What's the fairest way to compensate one sibling when the other sibling has received an advance on their shared inheritance?

Sibling A has received a $100k loan from parents to purchase a house. The loan can be paid back to parents, with low interest (say 2%), upon eventual sale of the house IF Sibling A wants (parents don't really care when/if it gets paid back). If not, 50% can be shared with Sibling B when parents' estate is divided between the two. Youngest parent is 65 so this might be quite some time from now. The estate will be significantly larger than the share of the loan so Sibling A won't be forced to sell their house to make Sibling B whole.

What are the fairest terms for Sibling B? Sibling A would like to be cognizant of the fact that parents aren't offering the same deal to both, for various reasons. Sibling A was thinking of doing a "greater of" calculation: $50k with interest (what rate?) OR a proportionate share of Sibling A's home value (so if the purchase price is $500k, then 10% of whatever the home is valued when the estate is divided). This may be slightly hard to track if Sibling A sells the house and buys another, but not impossible.
posted by acidic to Work & Money (11 answers total) 3 users marked this as a favorite
This would be much simpler if the loan was phrased as a callable loan (callable upon death of the loaner) with a 0% interest rate, which is what it actually is. Sibling A owes the entirety of the remainder of the loan to the estate, unconditionally. If the estate is significantly larger than the loan, this will not impose a repayment issue to Sibling A.
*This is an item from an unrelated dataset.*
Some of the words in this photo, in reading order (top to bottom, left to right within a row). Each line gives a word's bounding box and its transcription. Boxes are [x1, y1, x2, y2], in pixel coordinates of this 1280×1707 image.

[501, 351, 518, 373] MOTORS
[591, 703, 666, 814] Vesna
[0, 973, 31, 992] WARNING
Realistically, if the terms are "pay it back if you want", the terms are actually "this is a 0% interest loan" because no rational person would pay back the loan until the loan is called upon death. Hence, the difference between the currently common 30-year interest rate and 0% is the compensation to Sibling B. A quick Google search suggests that's around 4.5%-4.6% (APR), so for complete equity, Sibling B should expect to receive ~4.5-4.6% interest in cash for the term of the loan. Conveniently, this is also how the IRS views the scenario - the difference between market rate interest and the actual interest is a gift.
posted by saeculorum at 9:01 AM on April 20, 2018 [11 favorites]

Taking this a bit further, Sibling B should not be accountable a the share of Sibling A's home value. Preferably, this option is avoided, as it is investing in a sibling, which seems morbid, at best. At the very least, Sibling B should be accountable for more than a proportionate share of the house, since that is equivalent to Sibling B investing in Sibling A's house without any of the benefits of actually owning Sibling A's house - ie, they don't get to live in it, claim tax benefits, etc. If Sibling A's house value goes down (which certainly can happen), this means that Sibling A would have had the benefit of a place to live and the equity in the house, whereas Sibling B would still have had to pay for a place to live and received less money due to Sibling A's poor investment.
posted by saeculorum at 9:06 AM on April 20, 2018 [1 favorite]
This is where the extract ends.